### [Brief]
Please, without the pictures, restate every entry exactly.

Source data:

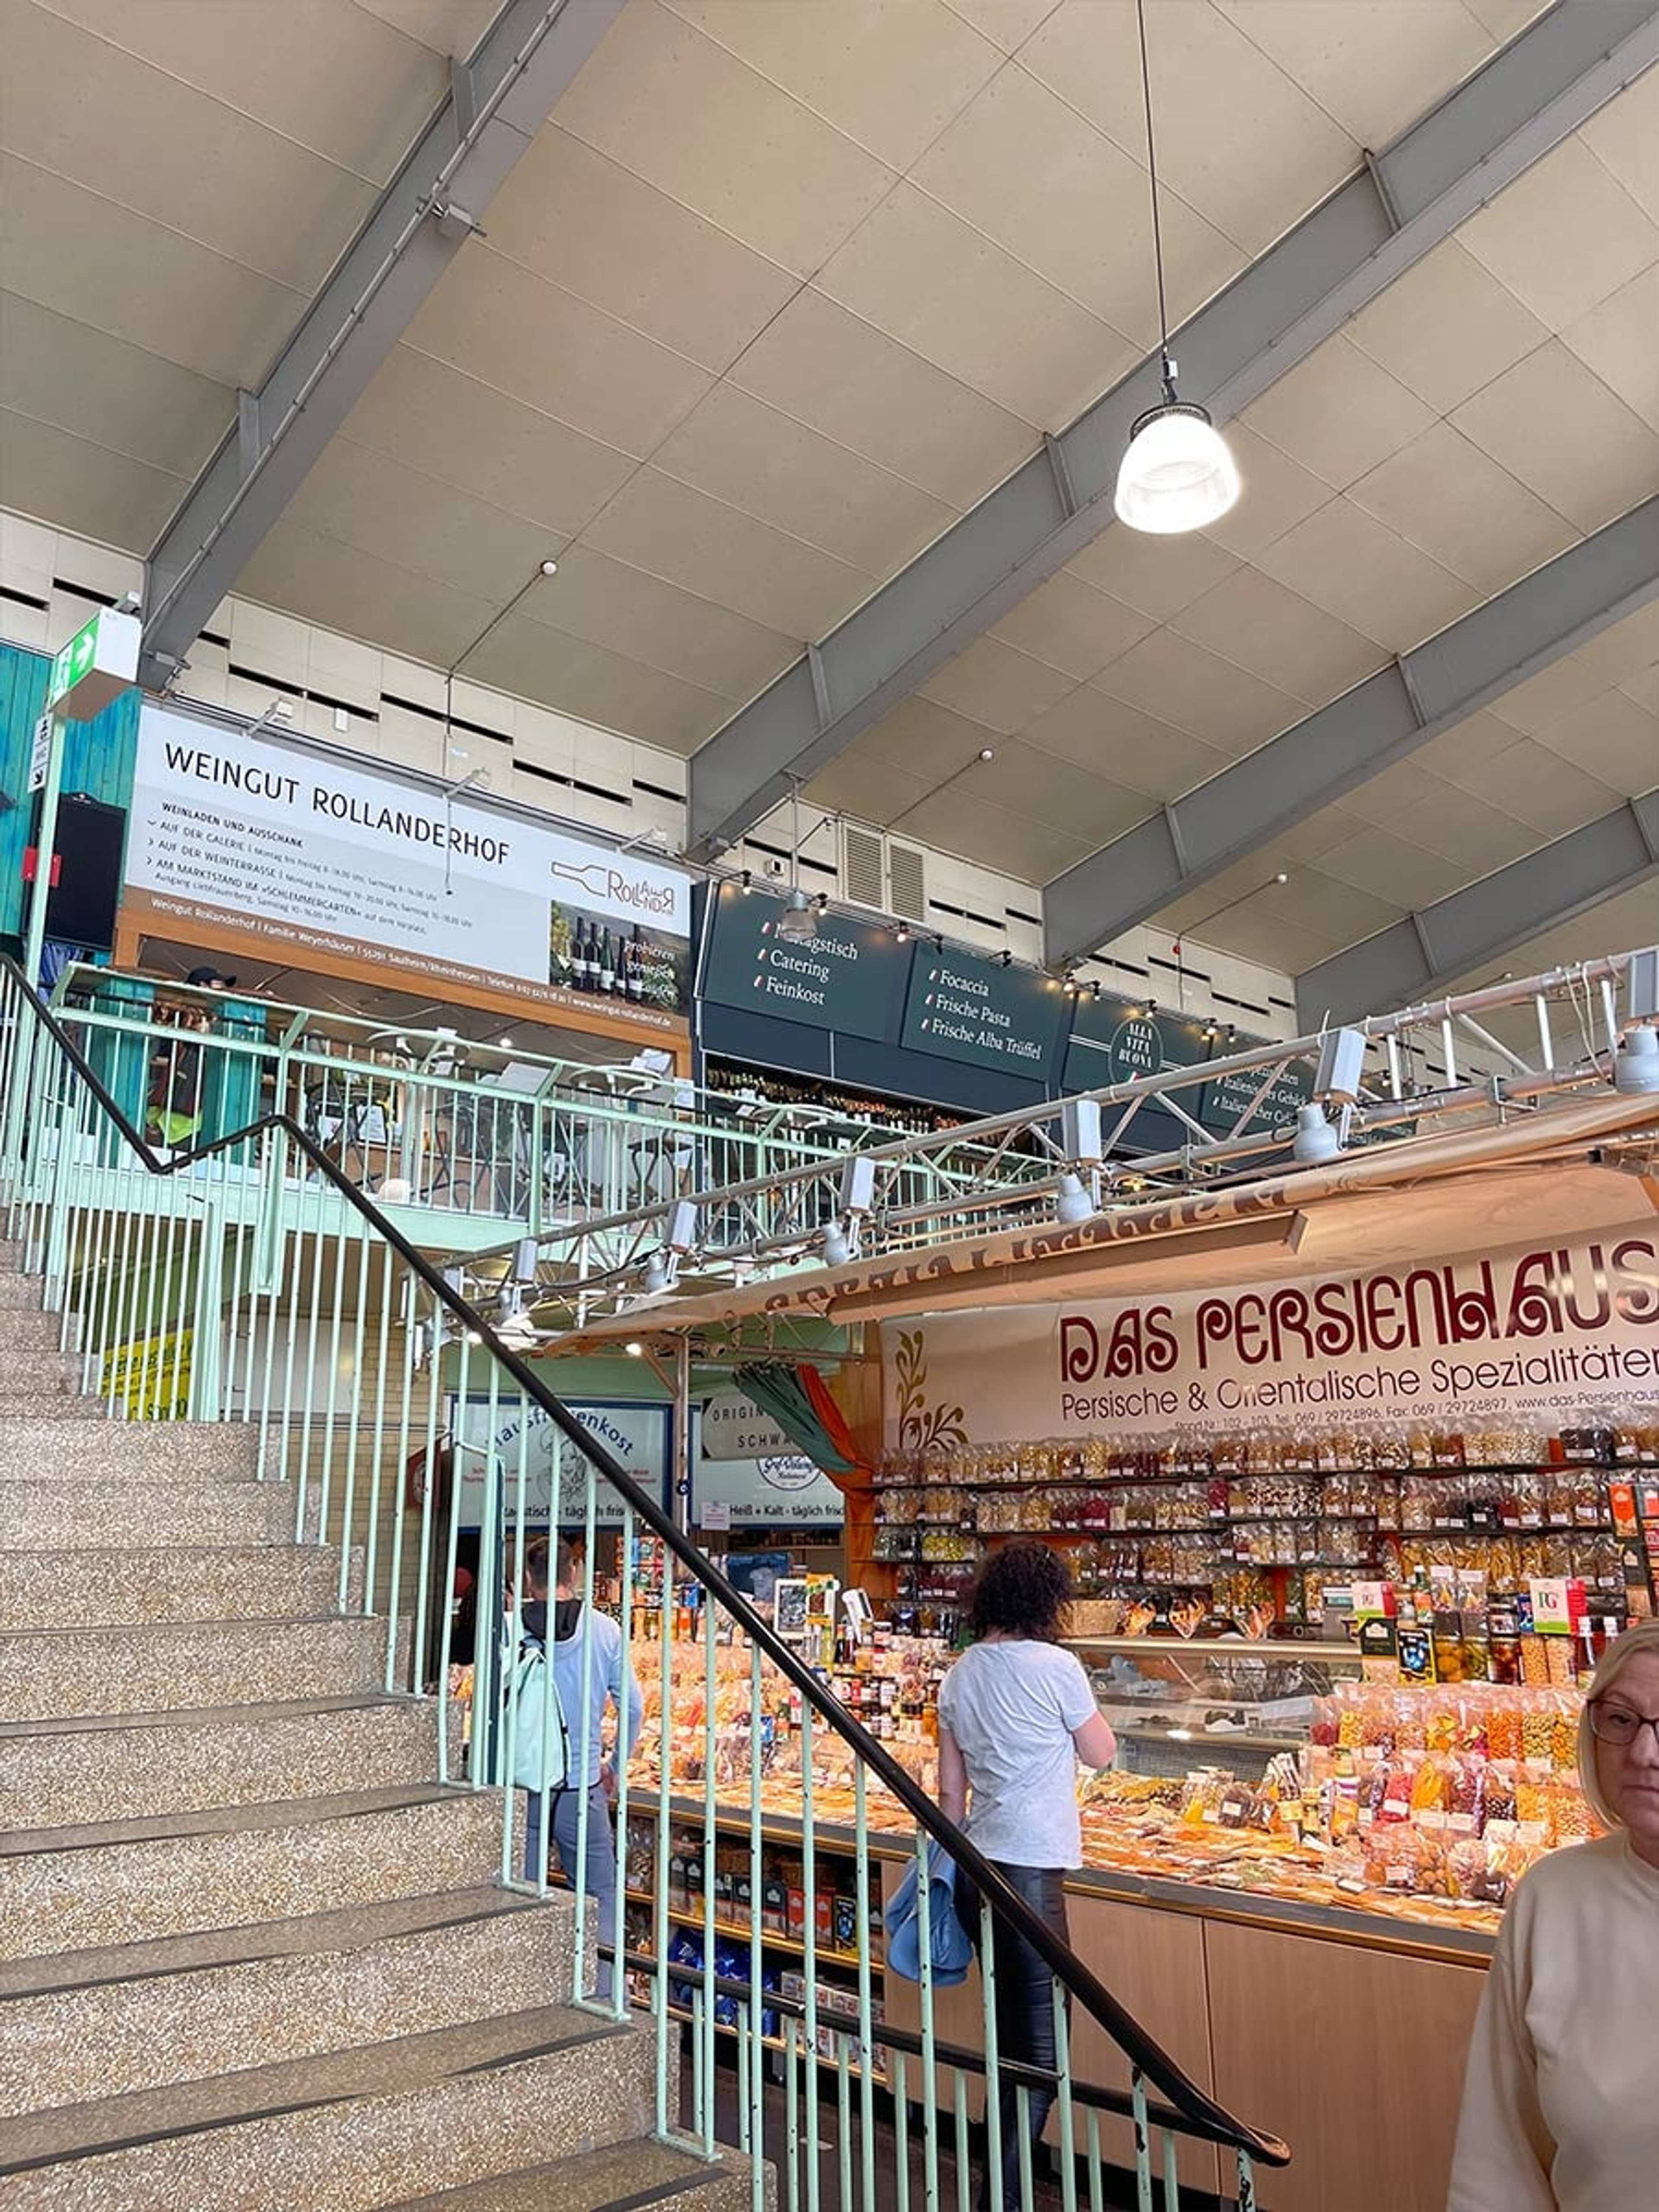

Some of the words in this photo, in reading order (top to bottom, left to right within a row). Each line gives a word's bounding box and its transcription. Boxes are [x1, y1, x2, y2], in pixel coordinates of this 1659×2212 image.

[165, 743, 300, 804] WEINGUT
[313, 787, 510, 864] ROLLANDERHOF
[160, 821, 179, 833] AUF
[183, 826, 203, 839] DER
[206, 833, 245, 851] GALERIE
[162, 801, 220, 826] WEINLADEN
[223, 819, 245, 832] UND
[248, 826, 303, 848] AUSSCHANK
[159, 840, 177, 852] AUF
[181, 845, 202, 857] DER
[204, 851, 275, 878] WEINTERRASSE
[177, 864, 242, 888] MARKTSTAND
[152, 897, 193, 915] Weingut
[770, 949, 830, 983] Catering
[766, 976, 825, 1005] Feinkost
[940, 969, 989, 997] Focaccia
[936, 993, 979, 1019] Frische
[980, 1006, 1011, 1028] Pasta
[932, 1017, 975, 1043] Frische
[976, 1031, 1003, 1050] Alba
[1006, 1037, 1042, 1060] Trüffel
[1060, 1305, 1179, 1383] DAS
[1196, 1239, 1659, 1369] PERSIENHAUS
[1061, 1386, 1178, 1421] Persische
[1188, 1381, 1209, 1413] &
[1217, 1366, 1420, 1410] Orientalische
[1222, 1417, 1241, 1427] 102
[1296, 1411, 1315, 1424] 069
[1412, 1402, 1435, 1416] 069
[730, 1504, 753, 1516] Heiß
[764, 1504, 784, 1516] Kalt
[792, 1503, 823, 1519] täglich
[1538, 1591, 1559, 1610] PG

### [Output of the task]
Some of the words in this photo, in reading order (top to bottom, left to right within a row). Each line gives a word's bounding box and its transcription. Boxes are [x1, y1, x2, y2], in pixel coordinates of this 1659×2212 image.

[165, 743, 300, 804] WEINGUT
[313, 787, 510, 864] ROLLANDERHOF
[160, 821, 179, 833] AUF
[183, 826, 203, 839] DER
[206, 833, 245, 851] GALERIE
[162, 801, 220, 826] WEINLADEN
[223, 819, 245, 832] UND
[248, 826, 303, 848] AUSSCHANK
[159, 840, 177, 852] AUF
[181, 845, 202, 857] DER
[204, 851, 275, 878] WEINTERRASSE
[177, 864, 242, 888] MARKTSTAND
[152, 897, 193, 915] Weingut
[770, 949, 830, 983] Catering
[766, 976, 825, 1005] Feinkost
[940, 969, 989, 997] Focaccia
[936, 993, 979, 1019] Frische
[980, 1006, 1011, 1028] Pasta
[932, 1017, 975, 1043] Frische
[976, 1031, 1003, 1050] Alba
[1006, 1037, 1042, 1060] Trüffel
[1060, 1305, 1179, 1383] DAS
[1196, 1239, 1659, 1369] PERSIENHAUS
[1061, 1386, 1178, 1421] Persische
[1188, 1381, 1209, 1413] &
[1217, 1366, 1420, 1410] Orientalische
[1222, 1417, 1241, 1427] 102
[1296, 1411, 1315, 1424] 069
[1412, 1402, 1435, 1416] 069
[730, 1504, 753, 1516] Heiß
[764, 1504, 784, 1516] Kalt
[792, 1503, 823, 1519] täglich
[1538, 1591, 1559, 1610] PG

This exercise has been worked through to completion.